Top of Records supplied
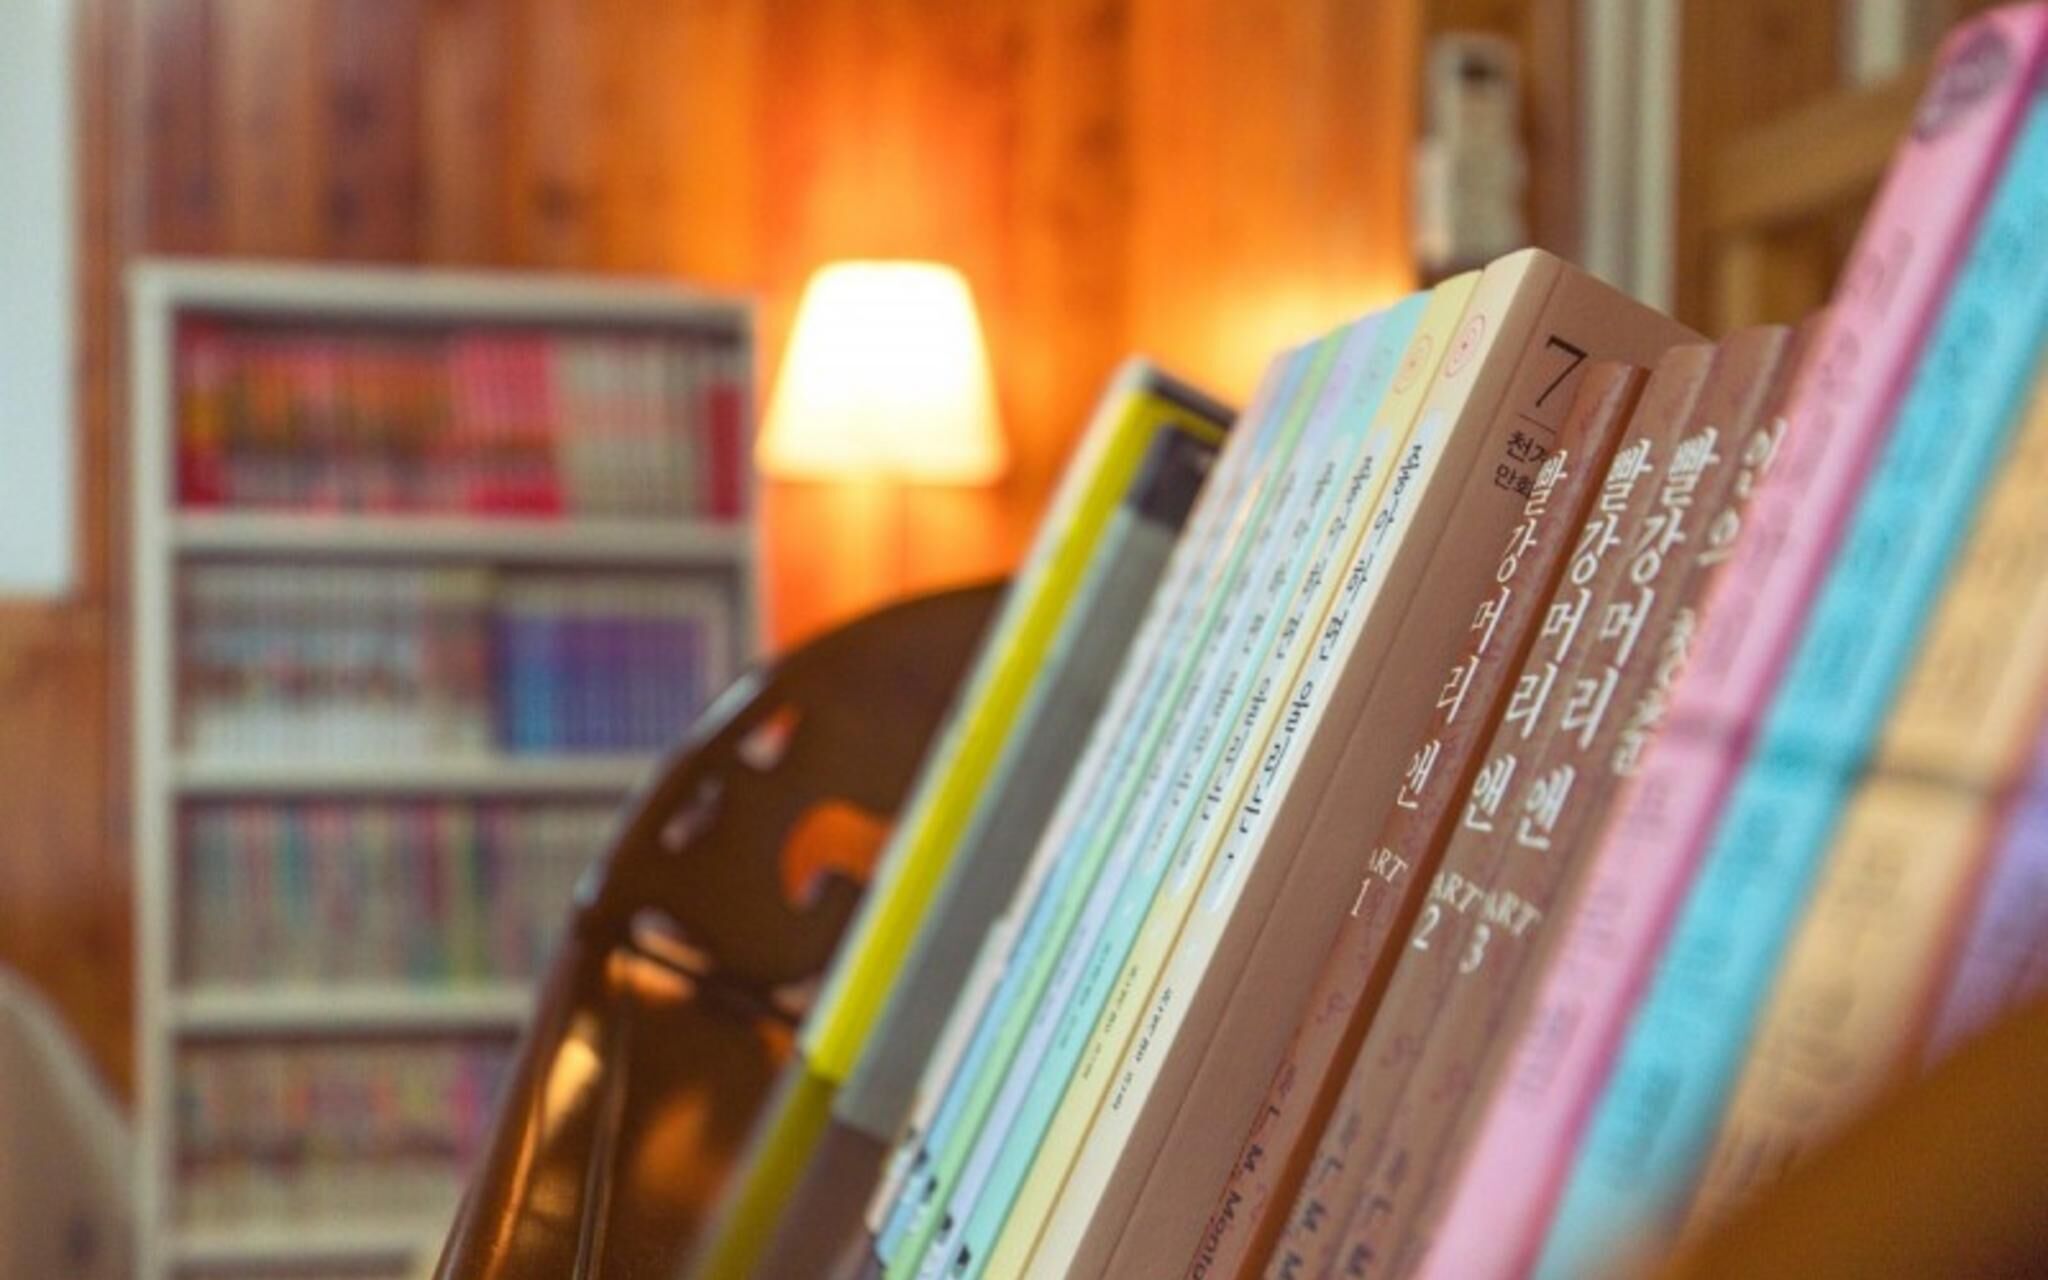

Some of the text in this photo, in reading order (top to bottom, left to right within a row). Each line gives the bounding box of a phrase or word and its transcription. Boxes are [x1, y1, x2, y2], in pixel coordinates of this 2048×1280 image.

[1546, 333, 1588, 408] 7
[1506, 438, 1652, 739] 빨강머리
[1562, 427, 1719, 749] 빨강머리
[1397, 449, 1567, 809] 빨강머리 앤
[1465, 753, 1517, 832] 앤
[1518, 765, 1574, 850] 앤
[1350, 878, 1372, 918] 1
[1413, 904, 1441, 950] 2
[1459, 924, 1491, 973] 3
Bottom of Records supplied
» What this task involves
Letter for letter, reproduce every record above and skip the pictures.

» Solution for this problem
Some of the text in this photo, in reading order (top to bottom, left to right within a row). Each line gives the bounding box of a phrase or word and its transcription. Boxes are [x1, y1, x2, y2], in pixel coordinates of this 2048×1280 image.

[1546, 333, 1588, 408] 7
[1506, 438, 1652, 739] 빨강머리
[1562, 427, 1719, 749] 빨강머리
[1397, 449, 1567, 809] 빨강머리 앤
[1465, 753, 1517, 832] 앤
[1518, 765, 1574, 850] 앤
[1350, 878, 1372, 918] 1
[1413, 904, 1441, 950] 2
[1459, 924, 1491, 973] 3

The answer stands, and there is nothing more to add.